It’s fair to describe the 2012 season as “Jekyll and Hyde.” The racing product, with an unproven car, was almost sublime. An American won the season title. The sport’s marquee event, Indianapolis, was judges by some as the race of the year (certainly better than any Sprint Cup event). The off-track happenings, unfortunately, went way beyond ridiculous, going straight to farce. What, then, might 2013 hold?
The challenges facing IndyCar remain daunting but not, sadly, unfamiliar. Cable ratings remain abysmal on NBC Sports Network. .2’s and .3’s will never give enough ROI to grow the sport. Poor broadcasts could be fixed, but that’s never been the issue on NBCSN (ABC, on the other hand). On the contrary, the NBCSN broadcasts have been professional and very watchable.
Does it boil down to the fact that IndyCar simply has no driver or vehicle that fans can relate to? YHE suspects so, but is this irreparable? It’s easy to blame this sport’s pathetic marketing, and there’s little doubt that better marketing people could take much better advantage of the personalities and storylines that do exist. But stopping at this point only surely hides bigger problems.
Fair or not, the debate over driver nationalities remains a factor. Even if you think the sport needs a “quota” of American drivers, however, there is no clear path to that end. It isn’t just that the skills needed in “grassroots” racing simply do not translate to IndyCar/formula-style racing (a little more horsepower and a reduction in downforce in IndyCar would help but not fix the issue). It isn’t just that the entire sport, from the lowest rungs of the ladder on up costs too much for the ROI involved. And it isn’t just that some owners are “short-sighted” when hiring drivers. These things are all true, yes, but they are mere symptoms of larger issues.
YHE has written about this previously, but the fact remains: The Split, combined with mainstream acceptance of NASCAR permanently altered the balance of power in American motorsports. Why would any sane American kid choose IndyCar over NASCAR? Sure, a few do, but the point remains.
One problem that infects every level of this sport, from fans on up, is the notion that IndyCar’s former glory can return. With NASCAR in perpetual dominance, this is never, ever happening. The mistake that everyone (from the paddock on down) makes is thinking that this means doom. Unfortunately, all of us involved in the sport seem stuck in the past (the only question is what era are you stuck in: The 50’s or the 90’s?). This has been most obvious with IndyCar management.
Randy Bernard was well-liked among the small fanbase for two reasons: One, he listened to them. Two, he seemed to be interested in trying new things.
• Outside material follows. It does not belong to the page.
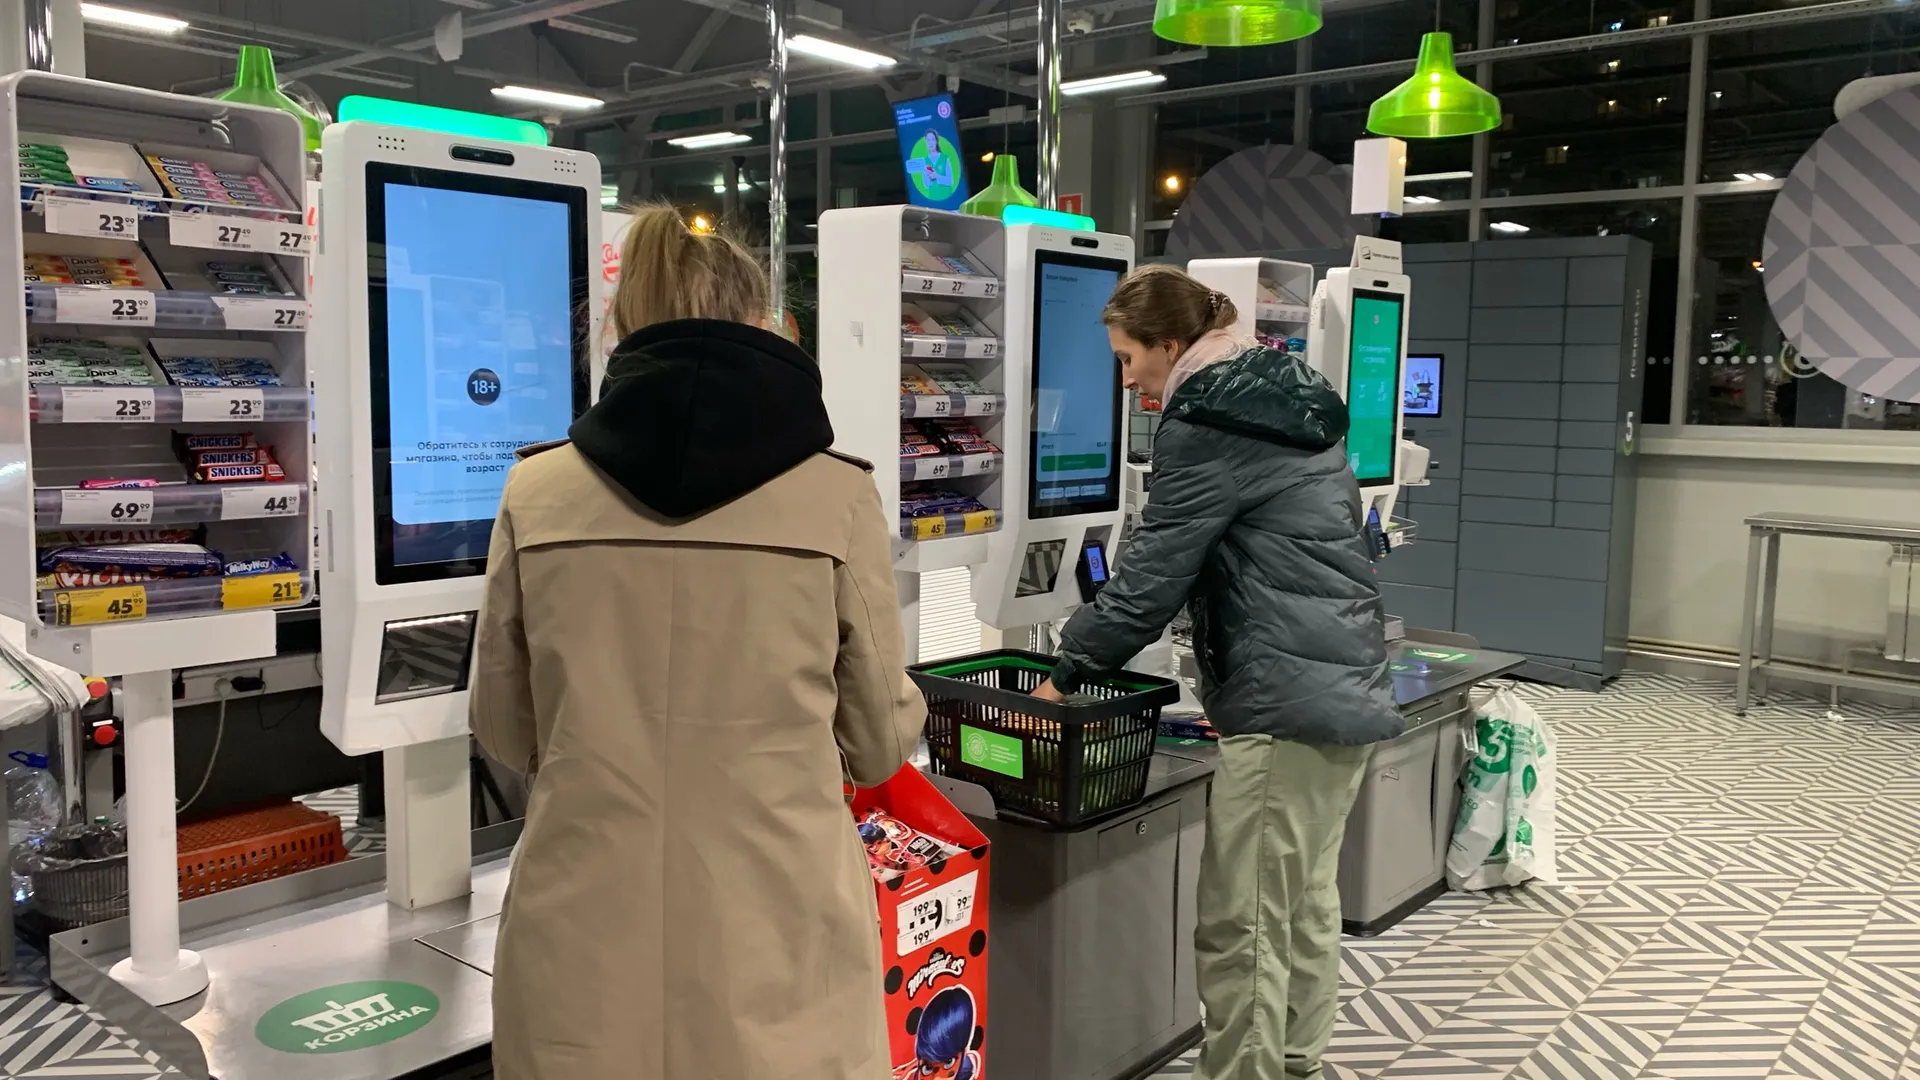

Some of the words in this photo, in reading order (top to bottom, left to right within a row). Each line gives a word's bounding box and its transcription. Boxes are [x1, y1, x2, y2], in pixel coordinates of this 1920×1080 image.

In truth, the former is almost irrelevant (if you start doing what the fans tell you to do, you’re liable to end up amongst them), and on the latter, the record is mixed.
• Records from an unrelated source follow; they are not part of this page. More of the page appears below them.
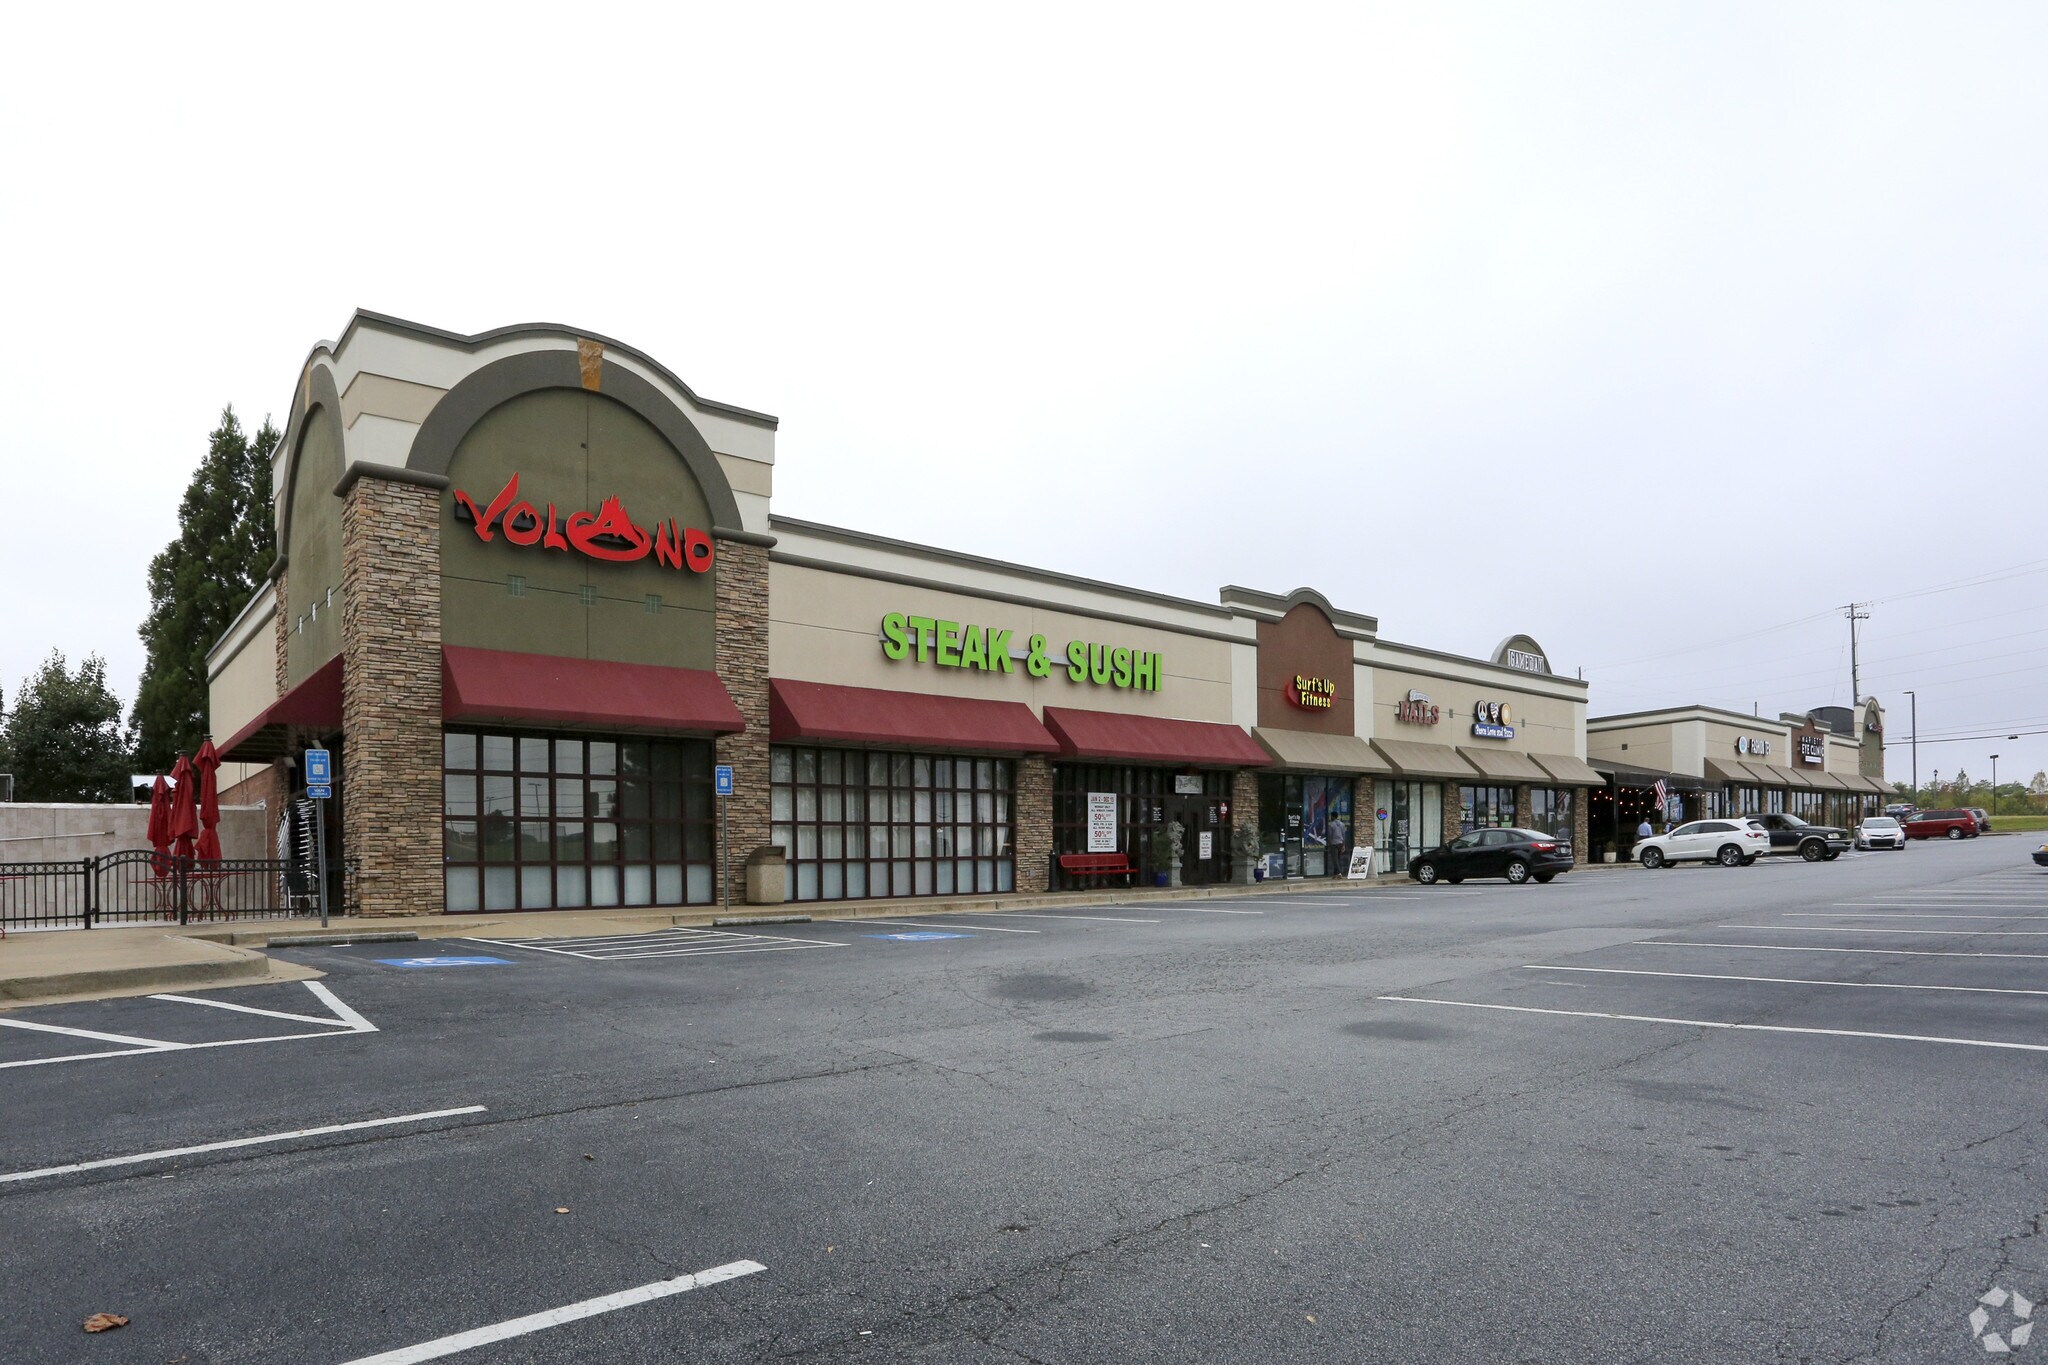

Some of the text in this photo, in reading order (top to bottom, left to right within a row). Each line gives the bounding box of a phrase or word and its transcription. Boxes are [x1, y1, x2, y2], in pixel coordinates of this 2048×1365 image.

[454, 472, 714, 573] VOLCANO
[882, 612, 1162, 692] STEAK & SUSHI
[1296, 675, 1334, 696] Surf's Up
[1301, 691, 1331, 707] Fitness
[1399, 701, 1439, 725] NAILS
[1802, 744, 1810, 755] EYE
Yes, Bernard pushed for the long-delayed DW12 and tried (or was going to try) things like doubleheaders, primetime network races (Texas), etc. YHE likes the return of the Triple Crown, but let’s be truthful: it’s NOT a new concept. Neither is the Robin Miller-led notion, pursued by Bernard, of enticing young USACers to Indianapolis. It might be a worthy idea (hopeless, but still…), but expending energy on a long-shot fix harkening back to a bygone era borders on madness. Still, compared to anyone else who has tried (and failed) to run this sport for the last 30 yrs., Randy Bernard was an innovative genius. When you combine that with the absurdly unprofessional way in which he was let go (and replaced by a bean-counter), it’s also clear that the Hulman-George family has no business running this sport. Since nothing can be done about it, let’s hope they get lucky this time.
Mark Miles, the new Hulman & Co. CEO, and the man to whom Jeff Belskus must answer, might just be the luck the sport needs. While the idea of an IndyCar “playoff” is silly, at least Miles seems interested in new ideas. That’s a good start, provided it’s accompanied by a change in mindset.
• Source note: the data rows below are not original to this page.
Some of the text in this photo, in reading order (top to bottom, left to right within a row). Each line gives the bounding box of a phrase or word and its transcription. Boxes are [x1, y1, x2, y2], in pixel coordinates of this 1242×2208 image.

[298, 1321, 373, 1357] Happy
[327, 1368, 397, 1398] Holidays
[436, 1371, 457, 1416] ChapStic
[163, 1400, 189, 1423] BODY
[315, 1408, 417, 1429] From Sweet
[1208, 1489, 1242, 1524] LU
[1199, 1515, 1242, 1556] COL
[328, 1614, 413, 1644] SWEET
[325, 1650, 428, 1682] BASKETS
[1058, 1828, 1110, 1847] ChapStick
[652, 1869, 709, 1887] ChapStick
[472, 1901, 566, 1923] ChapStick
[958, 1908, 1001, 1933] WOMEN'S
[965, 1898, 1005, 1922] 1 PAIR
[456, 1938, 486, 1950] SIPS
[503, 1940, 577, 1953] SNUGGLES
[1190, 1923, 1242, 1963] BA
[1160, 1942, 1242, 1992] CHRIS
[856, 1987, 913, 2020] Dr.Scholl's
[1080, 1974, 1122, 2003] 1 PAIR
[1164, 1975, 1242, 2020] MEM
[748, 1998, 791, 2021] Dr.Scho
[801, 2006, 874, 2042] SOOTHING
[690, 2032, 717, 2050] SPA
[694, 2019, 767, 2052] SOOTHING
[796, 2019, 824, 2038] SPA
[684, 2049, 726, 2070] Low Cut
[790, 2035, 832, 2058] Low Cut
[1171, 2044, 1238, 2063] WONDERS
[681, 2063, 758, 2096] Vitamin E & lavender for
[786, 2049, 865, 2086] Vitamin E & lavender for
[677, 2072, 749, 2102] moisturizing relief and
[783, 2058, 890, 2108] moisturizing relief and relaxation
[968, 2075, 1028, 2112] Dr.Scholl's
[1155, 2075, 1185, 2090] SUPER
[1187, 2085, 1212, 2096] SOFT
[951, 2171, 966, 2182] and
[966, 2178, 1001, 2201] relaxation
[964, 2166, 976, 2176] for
On a practical level, this strikes YHE as a critical evaluation year when it comes to the TV contract with NBCSN. Will the network transform itself, with the addition of Formula One, into something of an alternate racing hub? If so, it might be worth sticking with. If not, it’s time to find a way to get out of the deal, even if that means IMS has to pay to get on better stations.
At some point, though, the series has to find its purpose, shout it and stick to it. It cannot be all things to all people, and it ought to stop trying to do so. None of which means it shouldn’t pursue a middle ground. In fact, IndyCar, properly understood, ought to shout that our champions must do it all. They must conquer the road and street courses (ala F1), along with short ovals and high-speed superspeedways (ala NASCAR). Taken together, along with the fan-friendliness of most driver, and you have a unique and interesting product. Why don’t we start there and then try to fix the other problems?